TASK TO CARRY OUT - Could you output only the lines from the one containing "this 2352×1568 image." through the last line of the data, both included?

RECORDS SHOWN -
§

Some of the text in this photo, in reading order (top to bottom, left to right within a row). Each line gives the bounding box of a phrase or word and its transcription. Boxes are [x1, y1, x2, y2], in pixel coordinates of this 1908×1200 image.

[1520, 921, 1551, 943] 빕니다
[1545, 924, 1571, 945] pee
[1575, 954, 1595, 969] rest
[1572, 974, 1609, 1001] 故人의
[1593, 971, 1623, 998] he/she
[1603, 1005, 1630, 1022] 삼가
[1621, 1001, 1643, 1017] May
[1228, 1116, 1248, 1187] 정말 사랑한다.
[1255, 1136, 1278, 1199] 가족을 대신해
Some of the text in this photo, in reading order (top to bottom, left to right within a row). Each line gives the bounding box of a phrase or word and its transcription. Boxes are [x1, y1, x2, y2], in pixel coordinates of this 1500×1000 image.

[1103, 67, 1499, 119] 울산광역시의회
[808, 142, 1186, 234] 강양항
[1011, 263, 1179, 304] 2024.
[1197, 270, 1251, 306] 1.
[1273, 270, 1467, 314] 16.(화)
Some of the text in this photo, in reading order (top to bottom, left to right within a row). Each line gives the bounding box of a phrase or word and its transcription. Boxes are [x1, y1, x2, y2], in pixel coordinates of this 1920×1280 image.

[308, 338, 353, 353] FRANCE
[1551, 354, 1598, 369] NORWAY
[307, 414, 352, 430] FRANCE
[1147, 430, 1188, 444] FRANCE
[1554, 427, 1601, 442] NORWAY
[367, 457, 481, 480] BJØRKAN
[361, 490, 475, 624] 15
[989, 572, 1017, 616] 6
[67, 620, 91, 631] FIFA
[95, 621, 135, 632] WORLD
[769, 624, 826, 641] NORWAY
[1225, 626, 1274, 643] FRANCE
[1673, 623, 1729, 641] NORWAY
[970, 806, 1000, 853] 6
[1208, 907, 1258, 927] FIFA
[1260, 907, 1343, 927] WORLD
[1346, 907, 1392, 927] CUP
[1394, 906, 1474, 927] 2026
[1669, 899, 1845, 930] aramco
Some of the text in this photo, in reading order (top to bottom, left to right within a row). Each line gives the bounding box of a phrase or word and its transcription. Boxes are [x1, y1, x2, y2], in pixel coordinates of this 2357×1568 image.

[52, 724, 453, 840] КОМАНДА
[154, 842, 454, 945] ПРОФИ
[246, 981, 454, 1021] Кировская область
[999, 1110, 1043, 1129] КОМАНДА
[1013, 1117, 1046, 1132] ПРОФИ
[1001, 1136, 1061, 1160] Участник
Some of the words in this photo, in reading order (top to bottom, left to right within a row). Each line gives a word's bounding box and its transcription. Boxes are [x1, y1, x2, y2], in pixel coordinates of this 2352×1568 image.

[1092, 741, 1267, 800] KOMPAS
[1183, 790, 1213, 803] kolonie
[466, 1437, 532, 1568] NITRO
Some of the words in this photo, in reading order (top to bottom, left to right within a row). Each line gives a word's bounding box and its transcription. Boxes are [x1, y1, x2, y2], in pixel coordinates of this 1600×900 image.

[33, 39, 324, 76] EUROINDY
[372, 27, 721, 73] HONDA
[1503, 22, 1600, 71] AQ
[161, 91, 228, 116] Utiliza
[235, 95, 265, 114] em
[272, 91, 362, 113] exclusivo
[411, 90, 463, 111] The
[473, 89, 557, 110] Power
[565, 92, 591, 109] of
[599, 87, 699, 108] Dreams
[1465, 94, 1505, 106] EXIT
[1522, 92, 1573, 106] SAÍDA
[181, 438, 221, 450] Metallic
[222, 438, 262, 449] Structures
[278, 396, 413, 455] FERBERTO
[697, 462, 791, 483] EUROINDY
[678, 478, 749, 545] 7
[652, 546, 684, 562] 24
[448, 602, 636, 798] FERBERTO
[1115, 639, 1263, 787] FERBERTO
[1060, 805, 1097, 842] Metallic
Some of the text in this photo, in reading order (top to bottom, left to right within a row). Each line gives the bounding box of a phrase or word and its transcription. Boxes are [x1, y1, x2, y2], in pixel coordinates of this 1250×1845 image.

§

THE ANSWER -
Some of the words in this photo, in reading order (top to bottom, left to right within a row). Each line gives a word's bounding box and its transcription. Boxes are [x1, y1, x2, y2], in pixel coordinates of this 2352×1568 image.

[1092, 741, 1267, 800] KOMPAS
[1183, 790, 1213, 803] kolonie
[466, 1437, 532, 1568] NITRO
Some of the words in this photo, in reading order (top to bottom, left to right within a row). Each line gives a word's bounding box and its transcription. Boxes are [x1, y1, x2, y2], in pixel coordinates of this 1600×900 image.

[33, 39, 324, 76] EUROINDY
[372, 27, 721, 73] HONDA
[1503, 22, 1600, 71] AQ
[161, 91, 228, 116] Utiliza
[235, 95, 265, 114] em
[272, 91, 362, 113] exclusivo
[411, 90, 463, 111] The
[473, 89, 557, 110] Power
[565, 92, 591, 109] of
[599, 87, 699, 108] Dreams
[1465, 94, 1505, 106] EXIT
[1522, 92, 1573, 106] SAÍDA
[181, 438, 221, 450] Metallic
[222, 438, 262, 449] Structures
[278, 396, 413, 455] FERBERTO
[697, 462, 791, 483] EUROINDY
[678, 478, 749, 545] 7
[652, 546, 684, 562] 24
[448, 602, 636, 798] FERBERTO
[1115, 639, 1263, 787] FERBERTO
[1060, 805, 1097, 842] Metallic
Some of the text in this photo, in reading order (top to bottom, left to right within a row). Each line gives the bounding box of a phrase or word and its transcription. Boxes are [x1, y1, x2, y2], in pixel coordinates of this 1250×1845 image.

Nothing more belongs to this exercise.